Input data section start

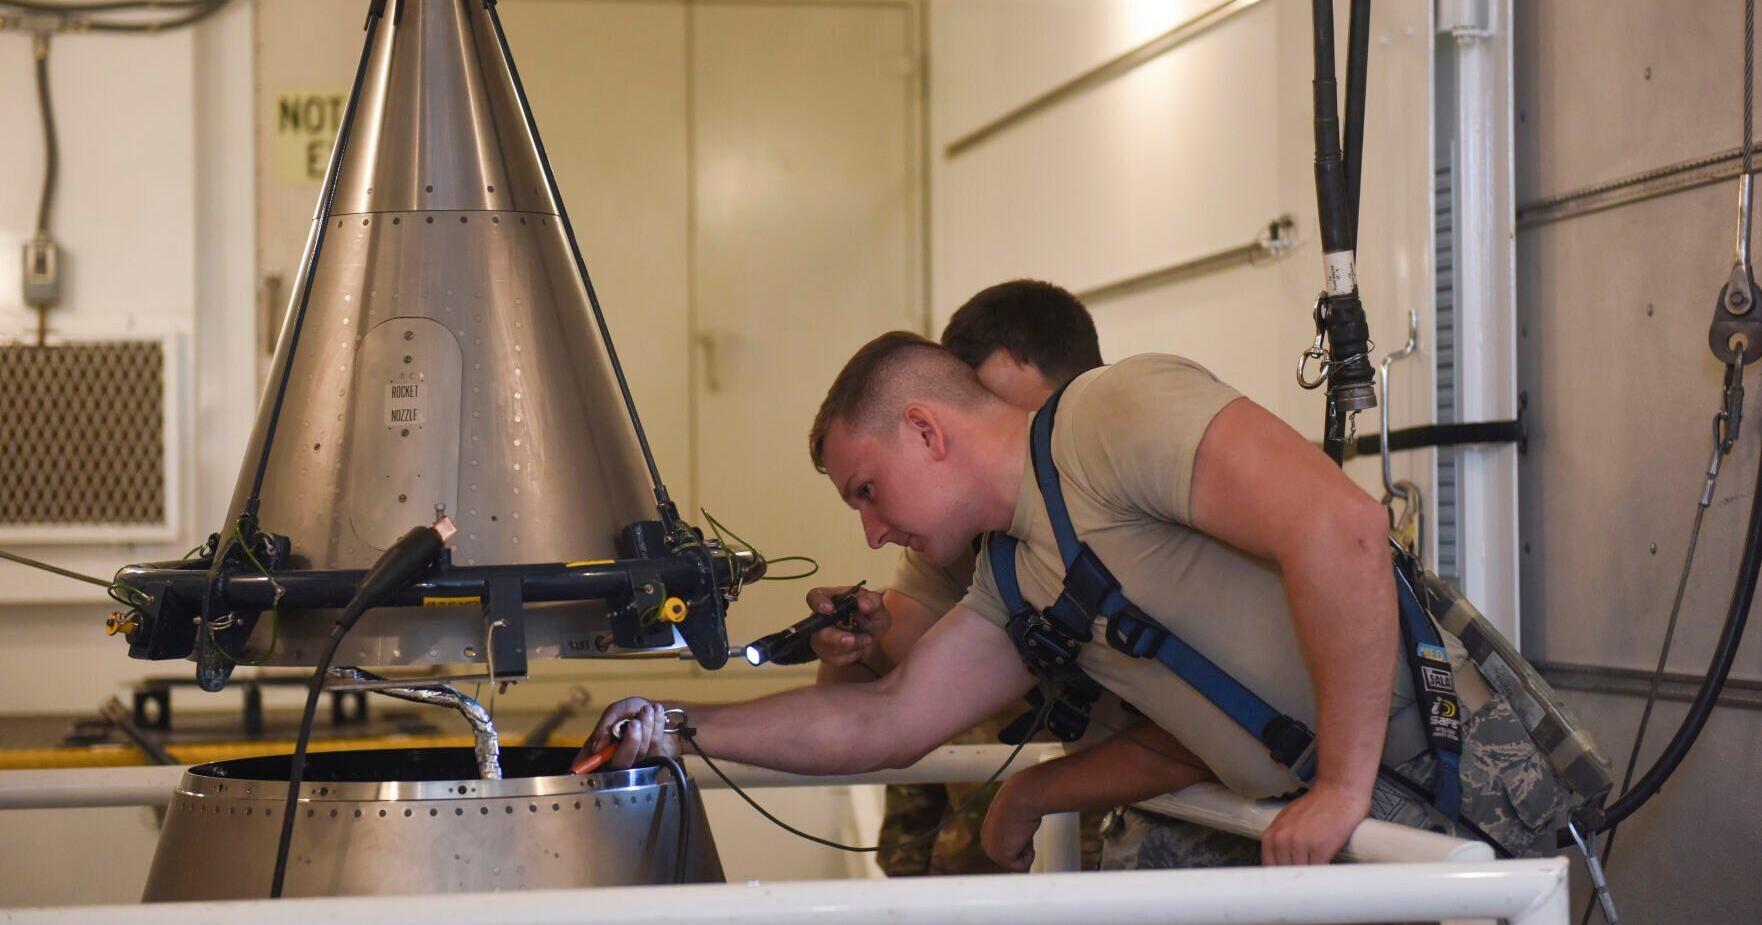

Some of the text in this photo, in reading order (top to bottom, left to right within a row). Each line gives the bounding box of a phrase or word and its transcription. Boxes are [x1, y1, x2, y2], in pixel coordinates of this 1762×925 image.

[279, 96, 344, 133] NOT
[307, 140, 331, 178] E
[391, 384, 419, 398] ROCKET
[391, 408, 419, 421] NOZZLE
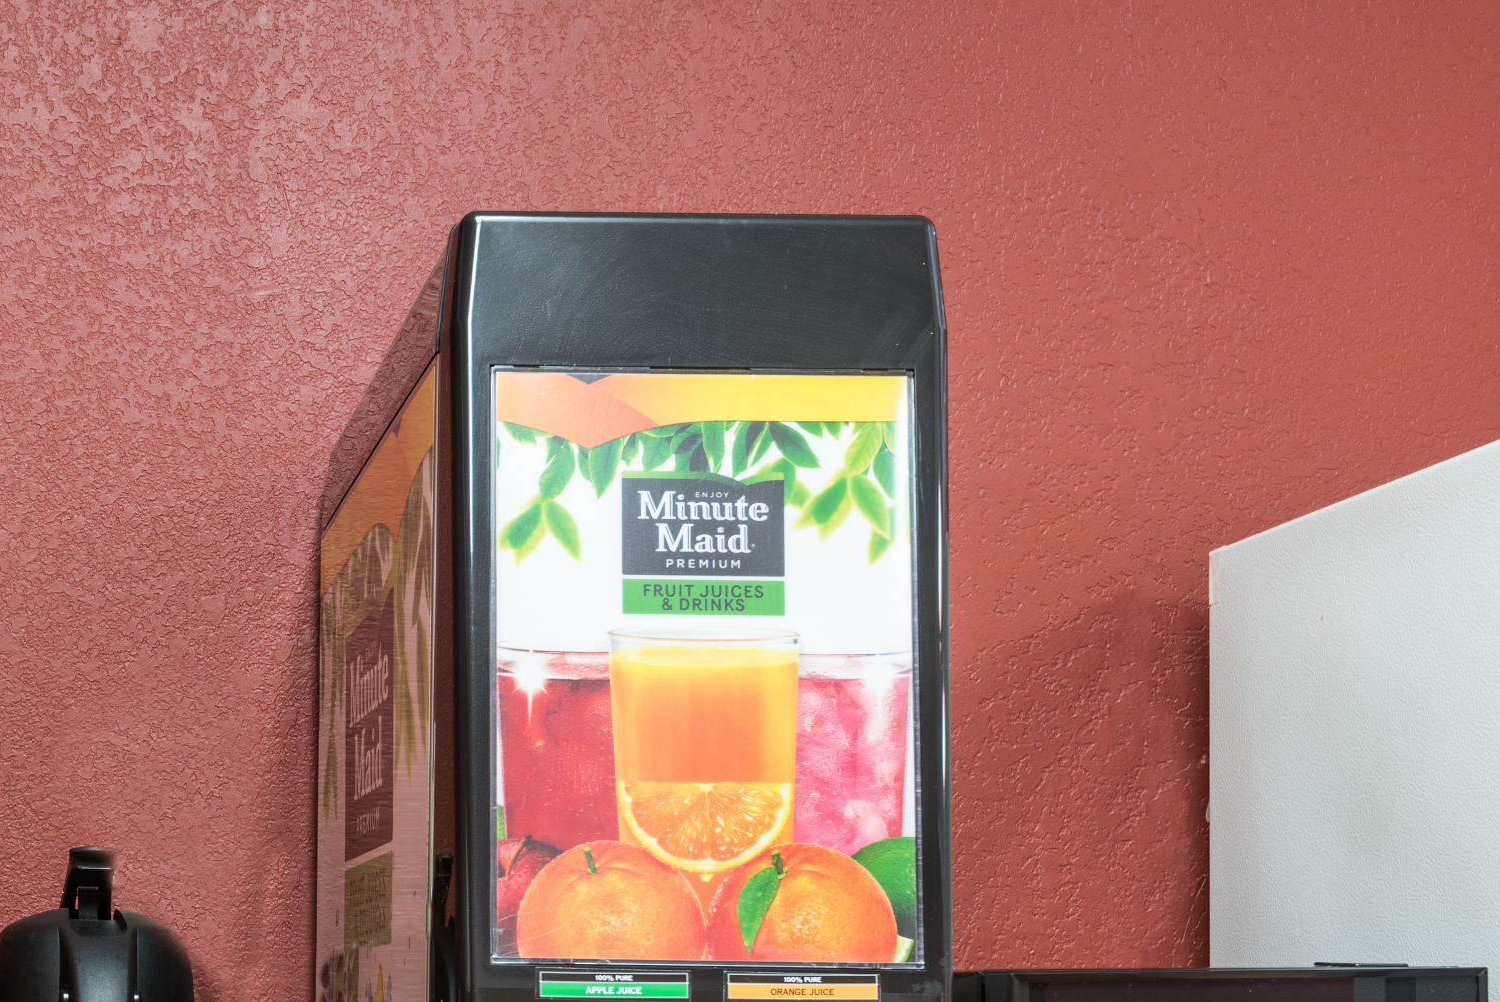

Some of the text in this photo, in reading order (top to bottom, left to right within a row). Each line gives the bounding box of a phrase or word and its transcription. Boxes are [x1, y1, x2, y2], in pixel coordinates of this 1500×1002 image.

[695, 491, 728, 499] ENJOY
[637, 490, 769, 523] Minute
[655, 522, 752, 554] Maid
[666, 559, 741, 569] PREMIUM
[643, 584, 764, 600] FRUIT JUICES
[661, 598, 745, 612] & DRINKS
[349, 640, 389, 728] Minute
[353, 715, 383, 801] Maid
[595, 974, 633, 982] 100% PURE
[783, 976, 822, 984] 100% PURE
[585, 985, 643, 995] APPLE JUICE
[770, 987, 835, 997] ORANGE JUICE
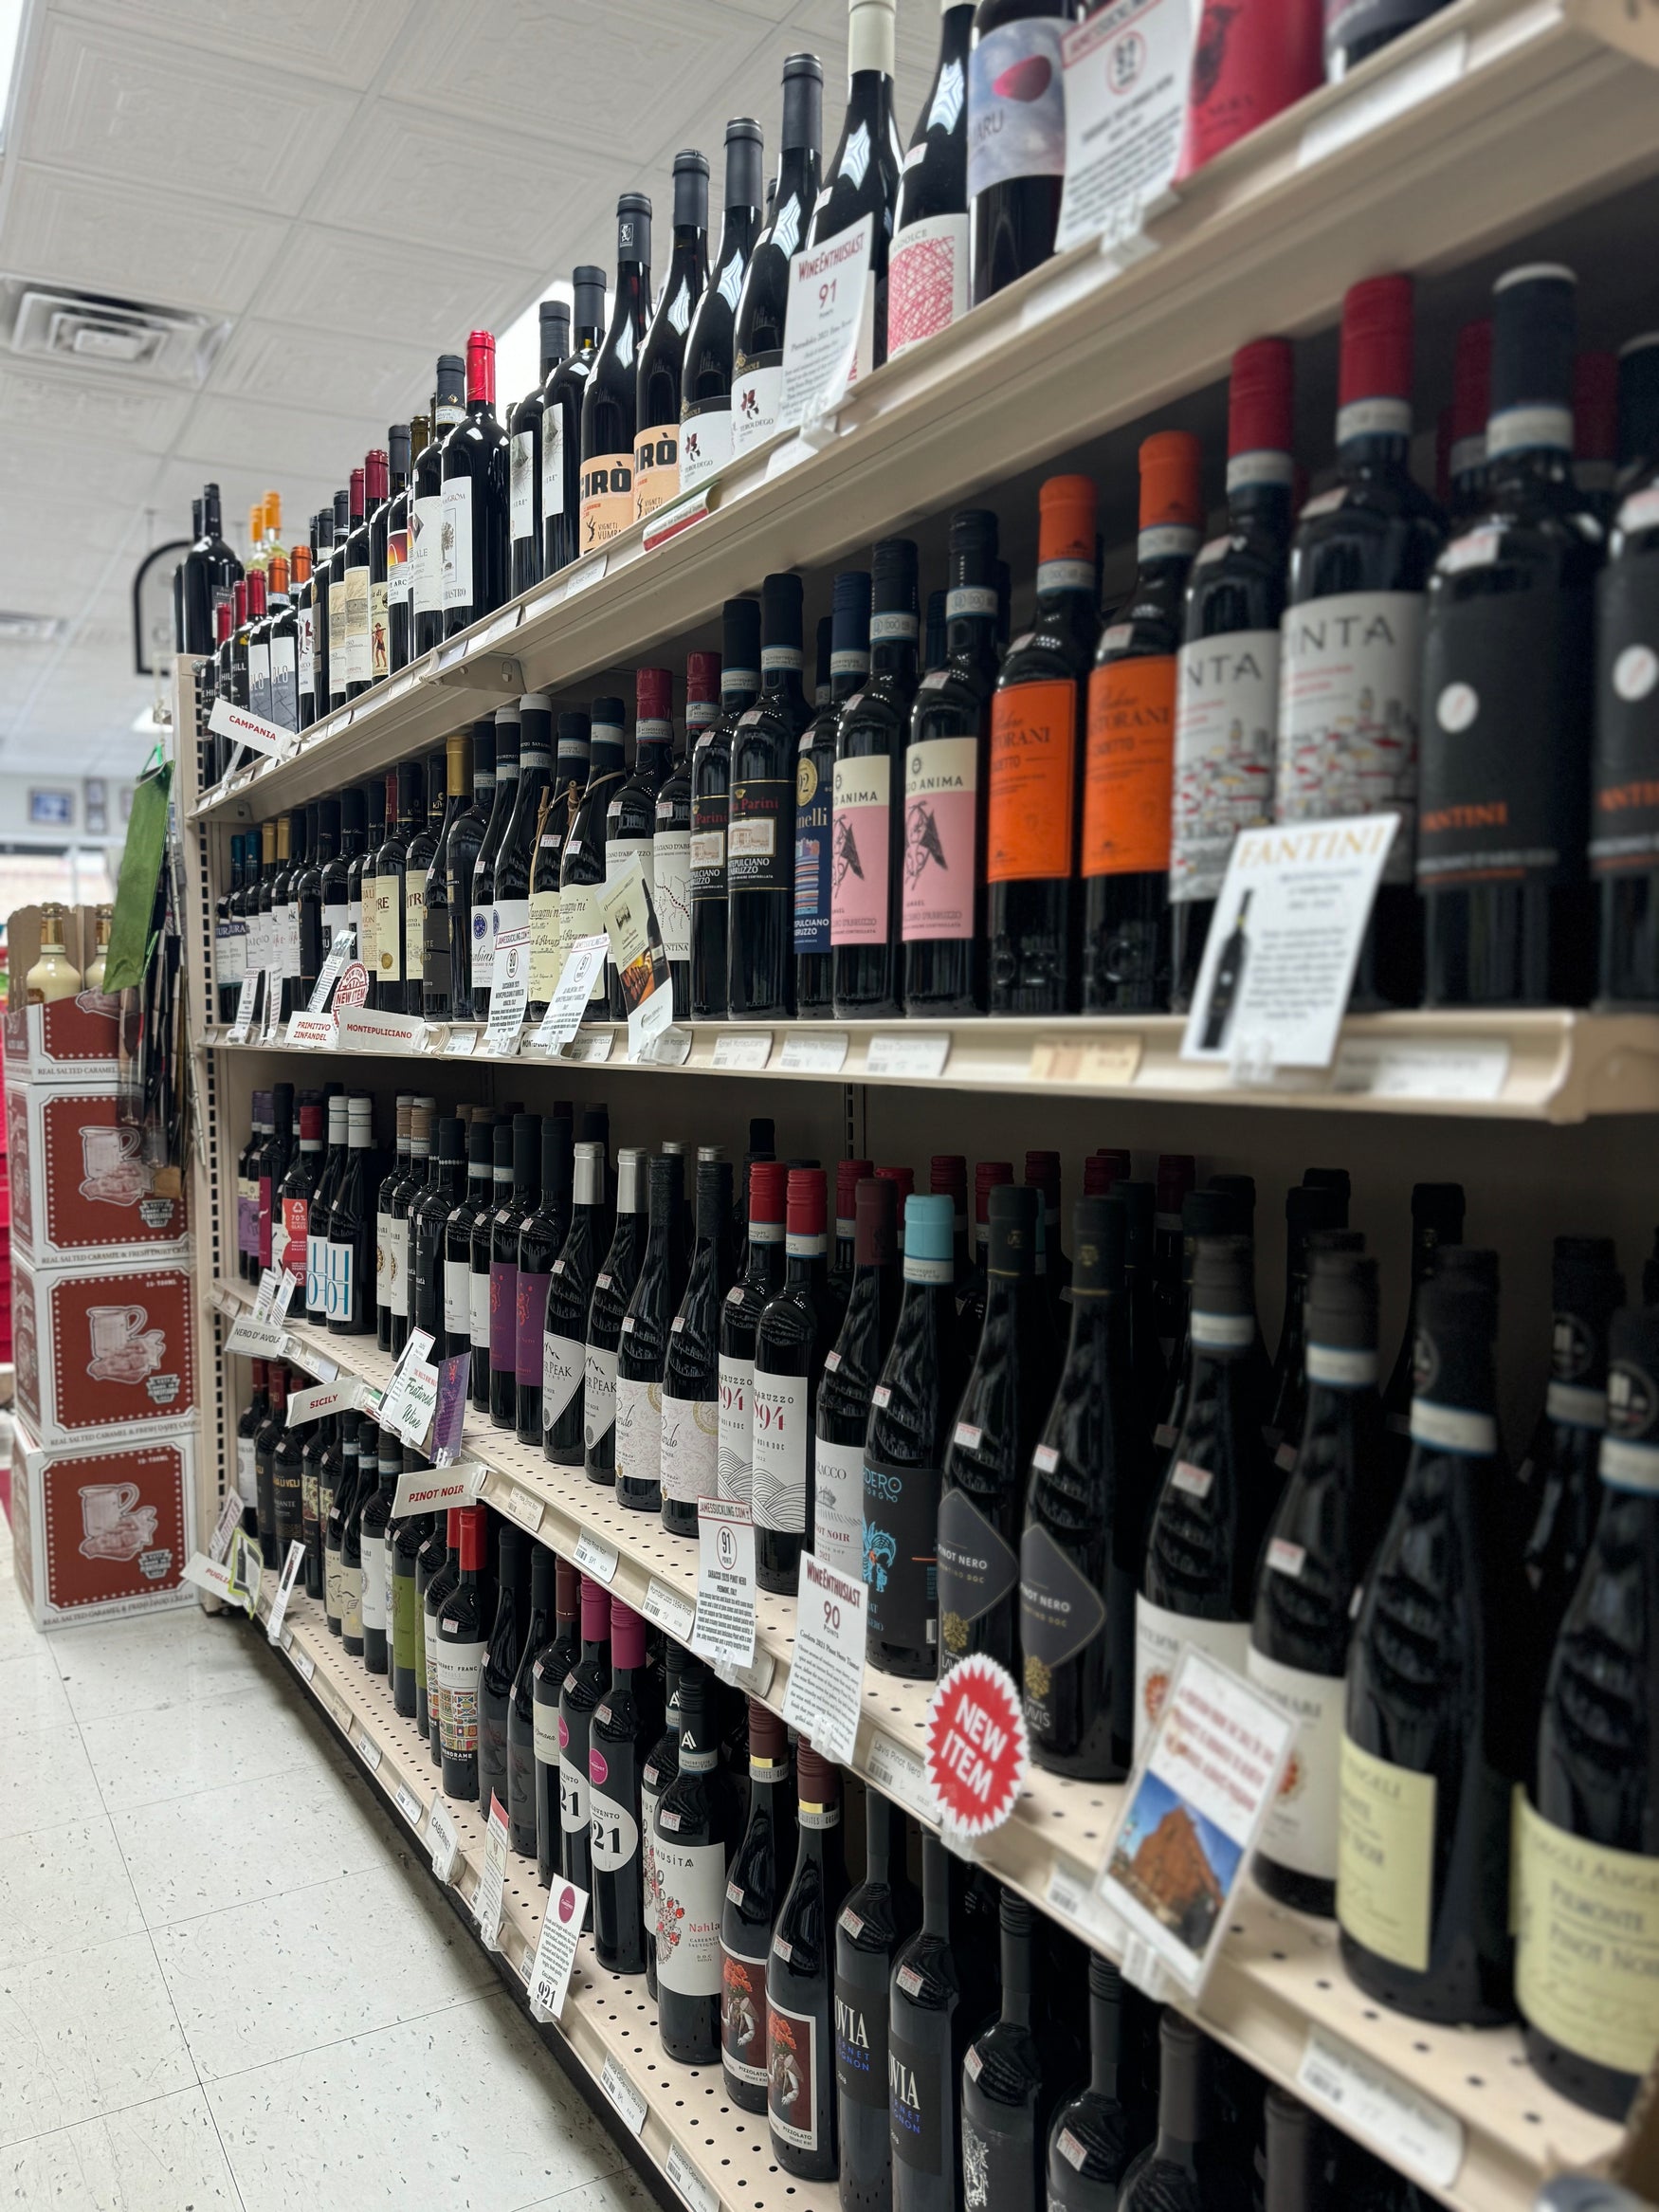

Input data section end

■ What to produce
Without the pictures, retype each line of the records above exactly.

■ Answer to this exercise
Some of the text in this photo, in reading order (top to bottom, left to right within a row). Each line gives the bounding box of a phrase or word and its transcription. Boxes are [x1, y1, x2, y2], in pixel coordinates of this 1762×925 image.

[279, 96, 344, 133] NOT
[307, 140, 331, 178] E
[391, 384, 419, 398] ROCKET
[391, 408, 419, 421] NOZZLE

Some of the text in this photo, in reading order (top to bottom, left to right within a row). Each line gives the bounding box of a phrase or word and its transcription. Boxes are [x1, y1, x2, y2], in pixel coordinates of this 1500×1002 image.

[695, 491, 728, 499] ENJOY
[637, 490, 769, 523] Minute
[655, 522, 752, 554] Maid
[666, 559, 741, 569] PREMIUM
[643, 584, 764, 600] FRUIT JUICES
[661, 598, 745, 612] & DRINKS
[349, 640, 389, 728] Minute
[353, 715, 383, 801] Maid
[595, 974, 633, 982] 100% PURE
[783, 976, 822, 984] 100% PURE
[585, 985, 643, 995] APPLE JUICE
[770, 987, 835, 997] ORANGE JUICE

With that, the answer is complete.